**REQUIRED ACTION:** Every single entry needs to appear again exactly as given.

**DATA FOR PROCESSING:**

◇ ◇ ◇ ◇

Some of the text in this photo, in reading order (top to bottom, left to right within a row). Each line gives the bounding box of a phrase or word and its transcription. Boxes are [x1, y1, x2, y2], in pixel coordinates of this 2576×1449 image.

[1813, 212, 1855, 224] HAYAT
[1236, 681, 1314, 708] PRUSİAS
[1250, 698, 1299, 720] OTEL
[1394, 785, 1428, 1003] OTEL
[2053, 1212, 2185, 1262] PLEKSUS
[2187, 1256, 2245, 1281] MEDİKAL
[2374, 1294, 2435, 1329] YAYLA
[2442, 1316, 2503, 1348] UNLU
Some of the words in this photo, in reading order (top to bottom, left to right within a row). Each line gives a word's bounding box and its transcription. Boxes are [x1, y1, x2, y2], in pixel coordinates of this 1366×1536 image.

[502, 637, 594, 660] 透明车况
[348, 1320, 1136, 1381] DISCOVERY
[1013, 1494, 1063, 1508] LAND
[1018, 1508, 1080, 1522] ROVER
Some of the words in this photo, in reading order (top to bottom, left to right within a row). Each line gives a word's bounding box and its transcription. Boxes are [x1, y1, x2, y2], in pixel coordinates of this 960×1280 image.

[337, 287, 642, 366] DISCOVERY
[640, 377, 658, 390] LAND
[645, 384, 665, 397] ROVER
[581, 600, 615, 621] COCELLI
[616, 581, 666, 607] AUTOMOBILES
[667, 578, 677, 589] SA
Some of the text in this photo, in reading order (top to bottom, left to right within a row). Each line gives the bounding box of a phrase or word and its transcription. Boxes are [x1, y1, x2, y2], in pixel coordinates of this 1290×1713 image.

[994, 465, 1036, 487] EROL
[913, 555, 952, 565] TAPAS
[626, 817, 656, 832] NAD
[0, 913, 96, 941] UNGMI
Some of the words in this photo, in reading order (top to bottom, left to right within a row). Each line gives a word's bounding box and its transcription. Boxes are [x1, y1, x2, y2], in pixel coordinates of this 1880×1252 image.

◇ ◇ ◇ ◇

**RESPONSE TO THIS EXERCISE:**
Some of the text in this photo, in reading order (top to bottom, left to right within a row). Each line gives the bounding box of a phrase or word and its transcription. Boxes are [x1, y1, x2, y2], in pixel coordinates of this 2576×1449 image.

[1813, 212, 1855, 224] HAYAT
[1236, 681, 1314, 708] PRUSİAS
[1250, 698, 1299, 720] OTEL
[1394, 785, 1428, 1003] OTEL
[2053, 1212, 2185, 1262] PLEKSUS
[2187, 1256, 2245, 1281] MEDİKAL
[2374, 1294, 2435, 1329] YAYLA
[2442, 1316, 2503, 1348] UNLU
Some of the words in this photo, in reading order (top to bottom, left to right within a row). Each line gives a word's bounding box and its transcription. Boxes are [x1, y1, x2, y2], in pixel coordinates of this 1366×1536 image.

[502, 637, 594, 660] 透明车况
[348, 1320, 1136, 1381] DISCOVERY
[1013, 1494, 1063, 1508] LAND
[1018, 1508, 1080, 1522] ROVER
Some of the words in this photo, in reading order (top to bottom, left to right within a row). Each line gives a word's bounding box and its transcription. Boxes are [x1, y1, x2, y2], in pixel coordinates of this 960×1280 image.

[337, 287, 642, 366] DISCOVERY
[640, 377, 658, 390] LAND
[645, 384, 665, 397] ROVER
[581, 600, 615, 621] COCELLI
[616, 581, 666, 607] AUTOMOBILES
[667, 578, 677, 589] SA
Some of the text in this photo, in reading order (top to bottom, left to right within a row). Each line gives the bounding box of a phrase or word and its transcription. Boxes are [x1, y1, x2, y2], in pixel coordinates of this 1290×1713 image.

[994, 465, 1036, 487] EROL
[913, 555, 952, 565] TAPAS
[626, 817, 656, 832] NAD
[0, 913, 96, 941] UNGMI
Some of the words in this photo, in reading order (top to bottom, left to right within a row). Each line gives a word's bounding box and its transcription. Boxes are [x1, y1, x2, y2], in pixel coordinates of this 1880×1252 image.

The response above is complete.